Carbohydrates and Fats

Carbohydrates are involved in several important bodily processes, including energy supply, glycemia control, insulin metabolism, cholesterol and triglyceride metabolism (Slavin and Carlson, 2014; Holesh et al., 2020), as well as maintenance of the gut microbiome’s health and diversity (Turnbaugh and Gordon, 2009). They are mainly found in whole-grain foods (Plecas et al., 2014) and also in fruits, vegetables, and milk products (Slavin and Carlson, 2014; Holesh et al., 2020). Carbohydrates are classified into three main categories: sugars (i.e., simple sugars like mono- or disaccharides and complex sugars like oligo- and polysaccharides), starches (i.e., complex polysaccharides made of several glucose molecules produced by plants), and fibers (i.e., non-digestible complex carbohydrates) (Slavin and Carlson, 2014; Holesh et al., 2020). Carbohydrates act as the main energy source for maintaining pregnancy and lactating processes, the offspring’s growth and development (Plecas et al., 2014; Martin et al., 2016), as well as milk production (Ares Segura et al., 2016; Martin et al., 2016) (see Table 2).
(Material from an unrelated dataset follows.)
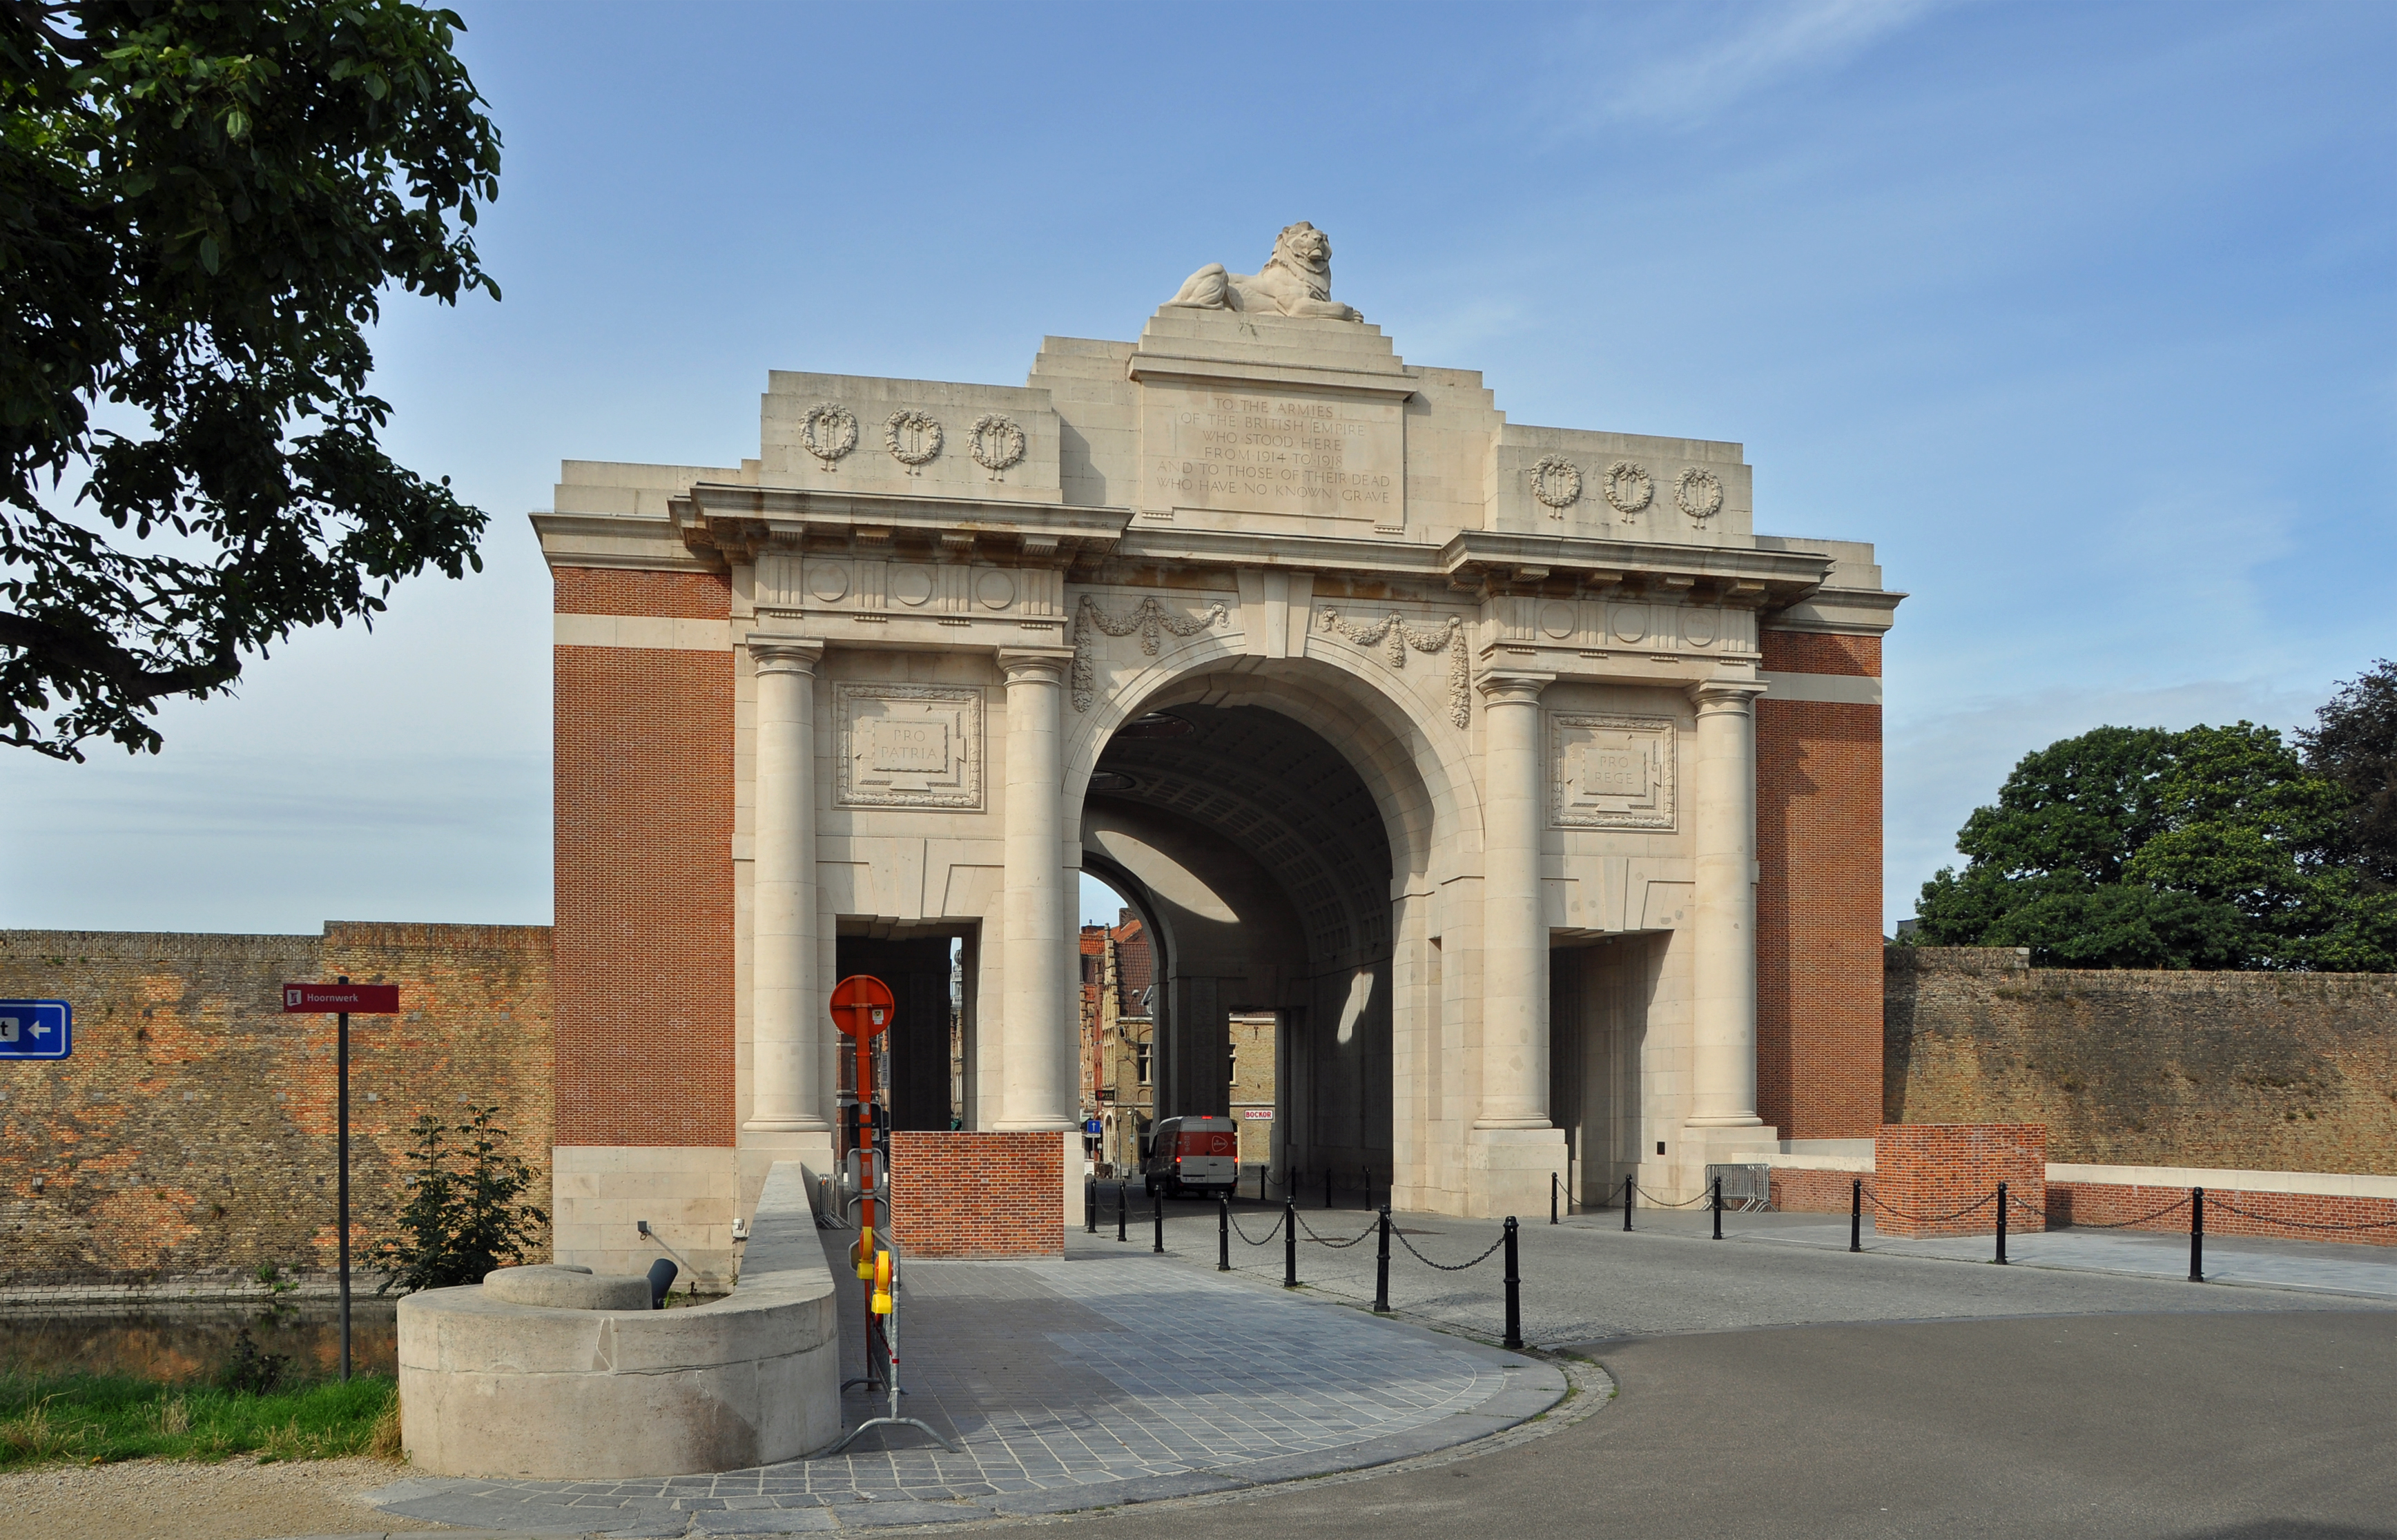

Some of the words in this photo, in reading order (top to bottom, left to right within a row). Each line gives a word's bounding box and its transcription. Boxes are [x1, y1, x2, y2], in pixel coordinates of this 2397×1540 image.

The type of carbohydrate has been shown to determine different inflammatory properties. In fact, meta-analysis looking at high-sensitivity C-reactive protein (CRP) and interleukin (IL)-6, which are inflammatory signals of the immune system, in human participant from countries across the world, have revealed a significant correlation between fiber intake and an anti-inflammatory effect, whereas whole grain was associated with an increase of inflammatory markers (Buyken et al., 2014).

Dietary recommendations for global fat intake, both saturated and unsaturated, are mainly addressed to non-pregnant women. While dietary recommendations have been made for certain essential fatty acids, α-linolenic acid (n-6 PUFA) and linoleic acid (n-3 PUFA) in particular, which are needed more in pregnancy (see Table 1) (Mousa et al., 2019), special considerations need to be taken in terms to quantity, as well as type of fats consumed during pregnancy.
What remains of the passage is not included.